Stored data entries

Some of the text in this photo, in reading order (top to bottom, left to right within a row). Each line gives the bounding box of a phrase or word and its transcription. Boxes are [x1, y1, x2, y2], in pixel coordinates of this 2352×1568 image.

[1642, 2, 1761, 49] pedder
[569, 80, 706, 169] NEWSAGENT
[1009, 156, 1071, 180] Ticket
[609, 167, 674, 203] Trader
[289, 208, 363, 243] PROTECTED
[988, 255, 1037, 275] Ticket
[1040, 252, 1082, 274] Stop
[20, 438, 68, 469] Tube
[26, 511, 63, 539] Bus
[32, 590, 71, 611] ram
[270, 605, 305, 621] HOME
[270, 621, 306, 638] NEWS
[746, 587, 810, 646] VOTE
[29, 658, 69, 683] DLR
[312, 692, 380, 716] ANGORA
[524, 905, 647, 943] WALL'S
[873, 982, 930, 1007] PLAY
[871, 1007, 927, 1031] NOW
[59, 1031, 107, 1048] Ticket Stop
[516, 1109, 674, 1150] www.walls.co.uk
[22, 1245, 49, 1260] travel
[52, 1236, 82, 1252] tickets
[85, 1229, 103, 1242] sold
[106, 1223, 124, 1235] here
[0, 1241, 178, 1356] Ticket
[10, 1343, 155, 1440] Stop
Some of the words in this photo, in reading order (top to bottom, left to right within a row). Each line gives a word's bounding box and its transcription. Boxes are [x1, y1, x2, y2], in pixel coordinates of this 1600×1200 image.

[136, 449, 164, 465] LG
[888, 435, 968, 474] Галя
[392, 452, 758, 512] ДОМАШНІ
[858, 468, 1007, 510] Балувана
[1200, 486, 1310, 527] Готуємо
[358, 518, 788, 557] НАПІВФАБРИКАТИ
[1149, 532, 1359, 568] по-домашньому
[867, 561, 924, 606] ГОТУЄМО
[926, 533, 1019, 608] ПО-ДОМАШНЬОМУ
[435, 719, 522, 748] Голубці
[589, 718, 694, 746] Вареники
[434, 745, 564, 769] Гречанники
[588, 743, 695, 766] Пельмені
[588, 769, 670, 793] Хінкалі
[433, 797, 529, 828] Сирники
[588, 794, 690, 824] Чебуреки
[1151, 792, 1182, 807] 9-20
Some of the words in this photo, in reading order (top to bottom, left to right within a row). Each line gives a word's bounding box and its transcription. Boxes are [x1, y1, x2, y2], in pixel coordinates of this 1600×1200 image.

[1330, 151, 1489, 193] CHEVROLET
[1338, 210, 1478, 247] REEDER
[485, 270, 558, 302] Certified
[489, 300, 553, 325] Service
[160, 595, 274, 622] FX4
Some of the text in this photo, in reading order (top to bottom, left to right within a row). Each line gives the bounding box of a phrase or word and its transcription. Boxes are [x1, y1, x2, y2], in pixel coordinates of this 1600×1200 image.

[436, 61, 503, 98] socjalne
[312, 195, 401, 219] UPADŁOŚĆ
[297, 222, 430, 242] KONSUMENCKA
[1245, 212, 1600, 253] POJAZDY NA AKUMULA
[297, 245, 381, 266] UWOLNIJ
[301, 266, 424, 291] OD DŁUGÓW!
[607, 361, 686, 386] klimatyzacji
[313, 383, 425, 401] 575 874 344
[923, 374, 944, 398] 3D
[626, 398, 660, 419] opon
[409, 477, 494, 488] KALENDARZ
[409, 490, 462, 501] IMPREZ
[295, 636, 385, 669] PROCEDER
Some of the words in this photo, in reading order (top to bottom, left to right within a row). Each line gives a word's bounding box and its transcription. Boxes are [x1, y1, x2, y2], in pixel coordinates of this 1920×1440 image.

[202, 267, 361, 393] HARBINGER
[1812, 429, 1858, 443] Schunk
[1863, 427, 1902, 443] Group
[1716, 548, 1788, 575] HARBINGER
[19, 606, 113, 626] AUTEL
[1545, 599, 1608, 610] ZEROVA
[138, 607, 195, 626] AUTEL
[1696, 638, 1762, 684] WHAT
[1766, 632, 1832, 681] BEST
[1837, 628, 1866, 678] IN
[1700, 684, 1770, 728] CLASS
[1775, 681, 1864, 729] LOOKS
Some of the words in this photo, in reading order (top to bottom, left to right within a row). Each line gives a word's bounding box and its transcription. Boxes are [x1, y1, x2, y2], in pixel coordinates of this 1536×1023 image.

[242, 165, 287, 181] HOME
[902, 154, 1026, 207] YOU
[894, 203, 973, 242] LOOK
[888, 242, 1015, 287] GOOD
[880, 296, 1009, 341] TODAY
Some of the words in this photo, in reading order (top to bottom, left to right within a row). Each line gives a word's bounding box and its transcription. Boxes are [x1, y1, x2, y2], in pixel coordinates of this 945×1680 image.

TASK OBJECTIVE:
Please return, exactly as written, the line containing "this 1920×1440 image." and every line after it through the end of the records above, and nothing else.

TASK RESPONSE:
Some of the words in this photo, in reading order (top to bottom, left to right within a row). Each line gives a word's bounding box and its transcription. Boxes are [x1, y1, x2, y2], in pixel coordinates of this 1920×1440 image.

[202, 267, 361, 393] HARBINGER
[1812, 429, 1858, 443] Schunk
[1863, 427, 1902, 443] Group
[1716, 548, 1788, 575] HARBINGER
[19, 606, 113, 626] AUTEL
[1545, 599, 1608, 610] ZEROVA
[138, 607, 195, 626] AUTEL
[1696, 638, 1762, 684] WHAT
[1766, 632, 1832, 681] BEST
[1837, 628, 1866, 678] IN
[1700, 684, 1770, 728] CLASS
[1775, 681, 1864, 729] LOOKS
Some of the words in this photo, in reading order (top to bottom, left to right within a row). Each line gives a word's bounding box and its transcription. Boxes are [x1, y1, x2, y2], in pixel coordinates of this 1536×1023 image.

[242, 165, 287, 181] HOME
[902, 154, 1026, 207] YOU
[894, 203, 973, 242] LOOK
[888, 242, 1015, 287] GOOD
[880, 296, 1009, 341] TODAY
Some of the words in this photo, in reading order (top to bottom, left to right within a row). Each line gives a word's bounding box and its transcription. Boxes are [x1, y1, x2, y2], in pixel coordinates of this 945×1680 image.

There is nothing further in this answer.